During its Monday, Dec. 3, meeting the city council approved accepting bids of $2,500 from Edgar Moore for a 1987 Case IH 585 tractor, $1,000 from Moore for a 72-inch Land Pride mower, $250 from Howard Thomas on a farm wagon running gear, and $1,000 each from Moore on a 1992 Dodge truck and a 1998 Ford truck.
The council agreed with Public Works Director Darrell Harrell’s recommendation to ask the two bidders on a 1993 Dodge truck — who made identical bids — if they would like to increase their offers.
Harrell also recommended the city reject the bids on 1995 and 1996 Wheel Horse 42-inch mowers and on a 1992 Woodchuck chipper as being too low. Instead, he recommended Leitchfield advertise the equipment on govdeals.com.

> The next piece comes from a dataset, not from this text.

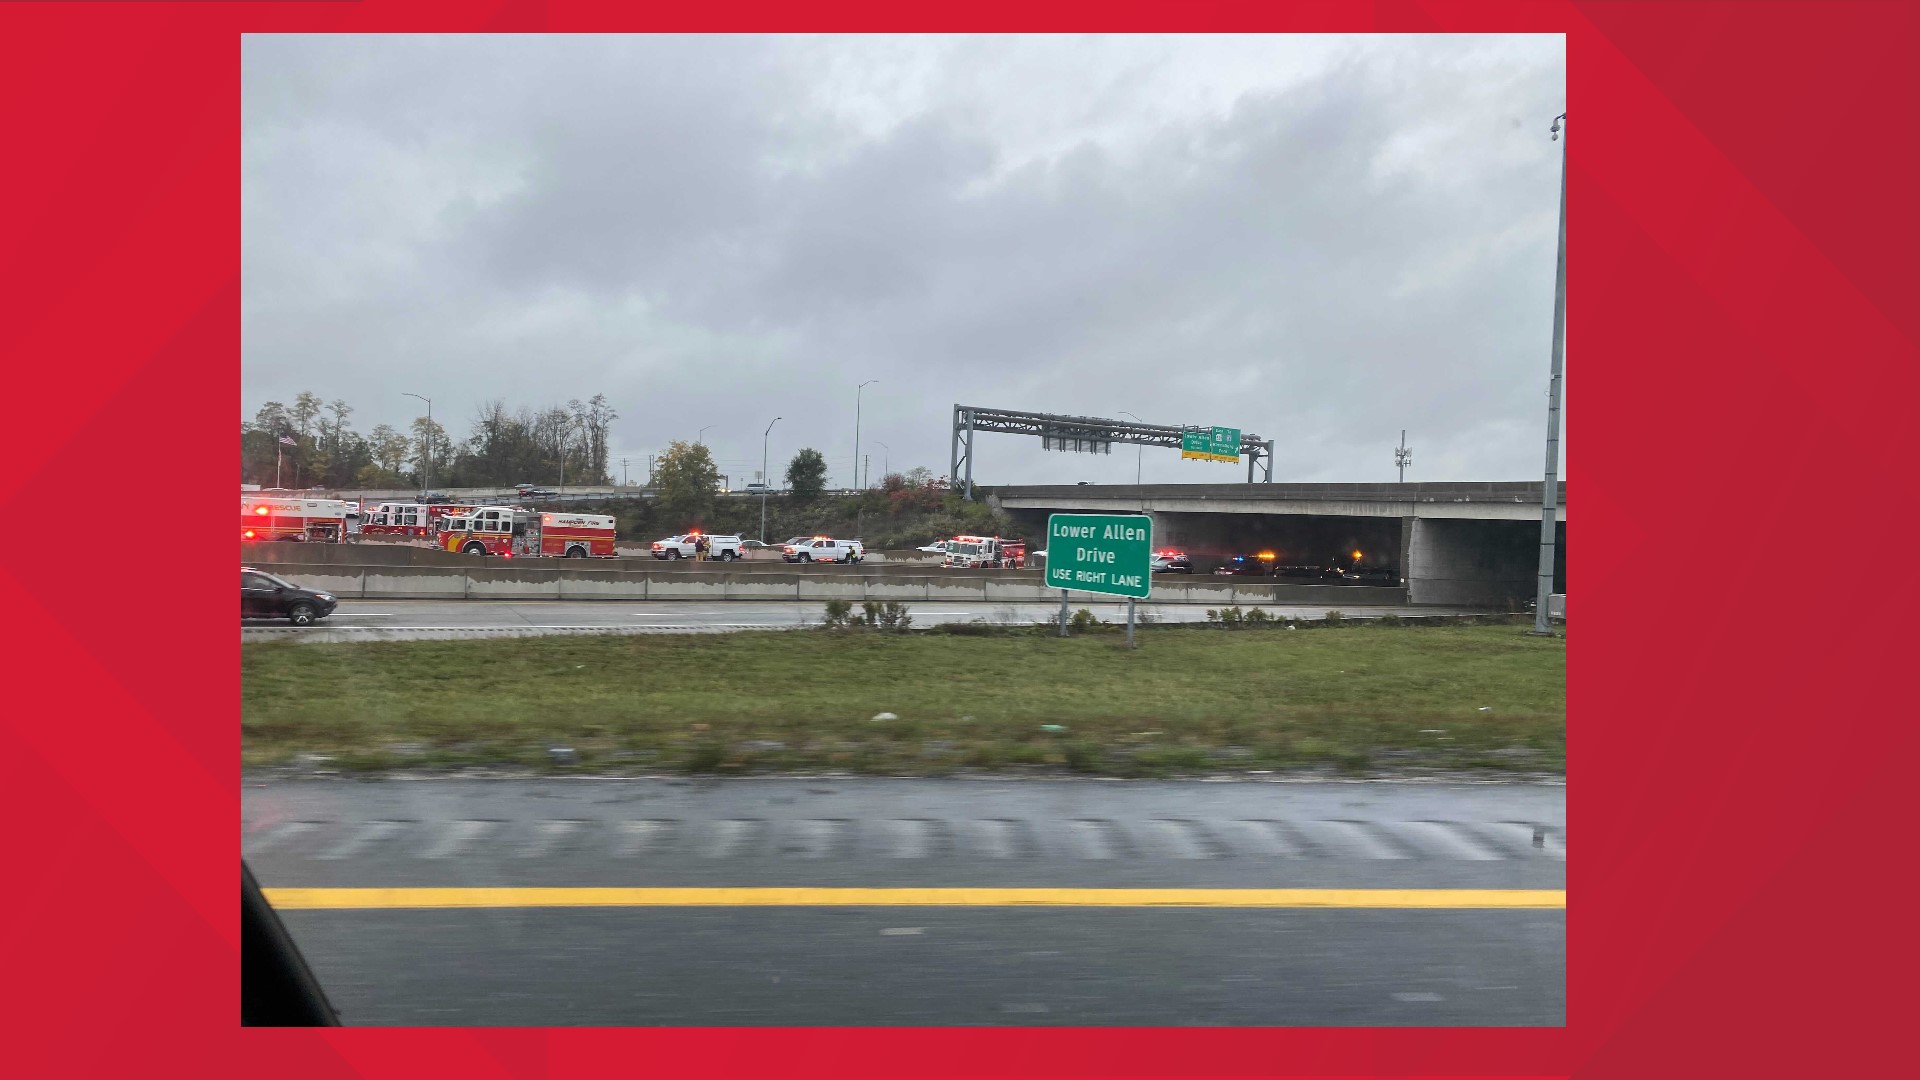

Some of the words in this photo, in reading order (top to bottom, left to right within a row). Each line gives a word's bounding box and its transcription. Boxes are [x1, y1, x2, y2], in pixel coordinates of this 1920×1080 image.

In other action, the council:
* Learned members Billy Dallas and Steven Elder are still researching cameras to use in broadcasting council meetings on the Internet. They tried out one model at Monday’s meeting, wanting to determine sound levels and placement needs before any wiring is done.
* Learned Grayson County Middle School has agreed to provide space for a trophy case to display some of the estimated 100 trophies from the old high school that are currently being stored in city hall.
Council member Kelly Stevenson said many of the trophies are in bad shape, so the plans are to take the best of them, have them cleaned up and place them in the case, which will be located outside the gym. Alumni hope to gather other memorabilia to place in the case as well, he said.
* Heard an update from Elder on efforts to buy and renovate the Alice Theater/Alexander Hotel property. He said he’s been meeting with possible private investors for the estimated $400,000-plus project, and has learned a non-profit group may already be in place that could shepherd the buildings through renovations and then take over their operation.
The Grayson County Arts Council — which has been working in recent years on the quilt signs displays throughout the county — is already incorporated as a non-profit organization and might be interested in taking on a new project, he said.